For a complete overview see the and the

Available online 2nd July 2018

0959-4388/Crown Copyright © 2018 Published by Elsevier Ltd. This is an open access article under the CC BY license (http://creativecommons.org/licenses/by/4.0/).

Introduction

Modulation in the strength of glutamatergic synapses in response to different inputs form the cellular basis of learning and memory [1]. Changes in the structure of dendritic spines, small protrusions that receive primarily excitatory input, and in the localization and function of ionotropic glutamate receptors (NMDA-type and AMPA-type) to spines are crucial for the modulation of synaptic efficacy [2, 3, 4]. Long-term potentiation (LTP) and long-term depression (LTD) are two established paradigms of synaptic plasticity, which are extensively studied in the hippocampus, an area of the brain essential for in learning and memory.
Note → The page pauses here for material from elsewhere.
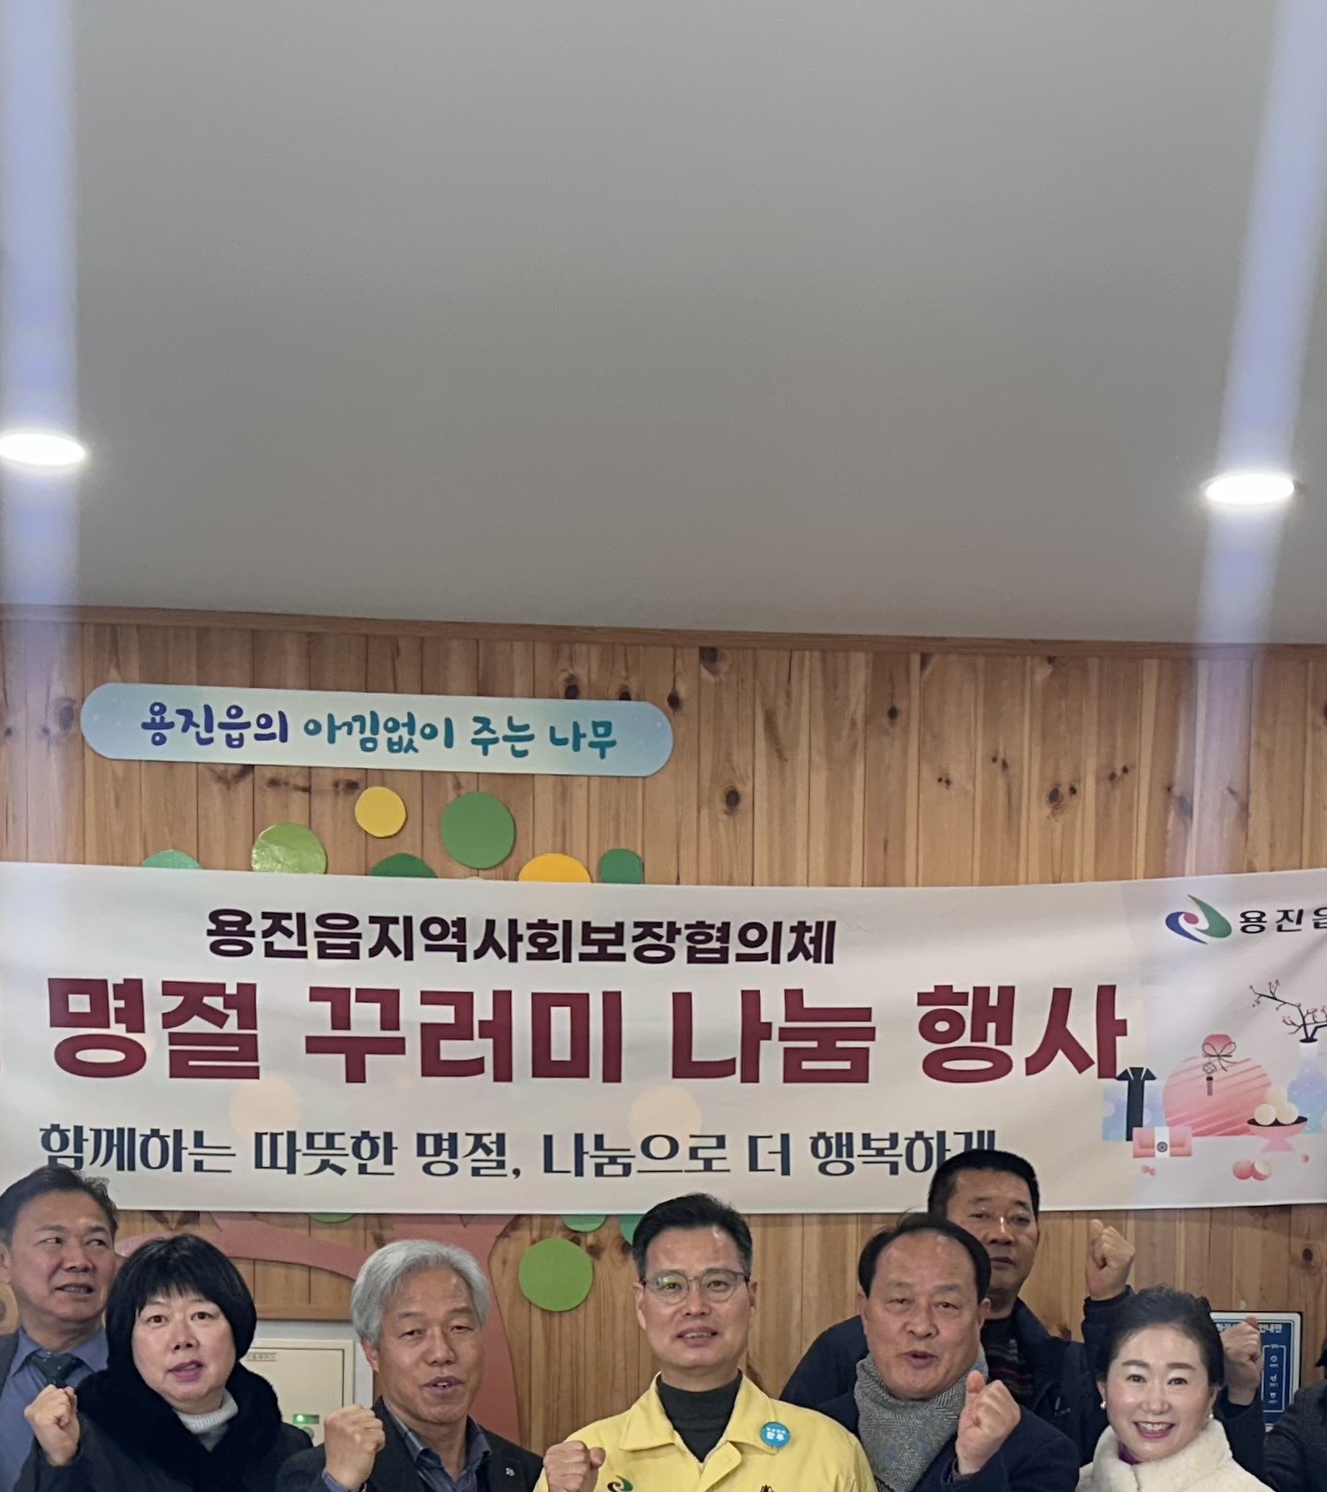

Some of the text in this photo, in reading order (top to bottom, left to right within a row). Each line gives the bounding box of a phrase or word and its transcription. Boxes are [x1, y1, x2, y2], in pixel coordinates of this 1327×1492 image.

LTP is defined as a long-lasting increase in synaptic strength whereas LTD is the opposite [1]. Both LTP and LTD last from minutes to days and research into the molecular events involved is essential for understanding the underlying mechanisms of memory formation.

Over the past 40 years, a vast amount of research has established the key molecular mechanisms involved in synaptic plasticity [5]. In this review, we will focus our attention solely on LTP. Although not exclusively, initiation of LTP is primarily NMDA receptor (NMDAR) dependent at the Shaffer collateral (SC)-CA1 cell synapse in the hippocampus [6]. Glutamate release from the pre-synaptic terminal binds to NMDARs and during repetitive synaptic activation and coincident postsynaptic depolarisation leads to relief of Mg2+ block of the NMDAR channel. Subsequently, an influx of Ca2+ and activation of Calmodulin-dependent protein kinase II (CaMKII) and Protein Kinase A (PKA) then occurs. Phosphorylation of AMPA receptors (AMPARs) and associated proteins by CaMKII results in an increase in the lateral diffusion and exocytosis of new AMPARs, increased dendritic spine size and elevated synaptic strength [7] (Figure 1). These molecular and structural changes are essential for the early stages of LTP (within 1 hour).

Figure 1

Key molecular mechanisms involved in NMDAR-mediated early LTP. (1) Under basal conditions, calcium (Ca2+) ion influx through NMDA receptors (NMDARs) is blocked by magnesium (Mg2+) ions in the pore. (2) An increase in neural activity following a specific stimulus pattern leads to enhanced glutamate release from the presynaptic terminal. Subsequently, glutamate binds to NMDARs on the post-synaptic side resulting in an influx of Ca2+ resulting in the activation of downstream signaling molecules including CaMKII and PKA promoting the exocytosis and lateral diffusion of AMPARs to the synapse. Spine size and synaptic strength are increased, which are essential for the expression of LTP.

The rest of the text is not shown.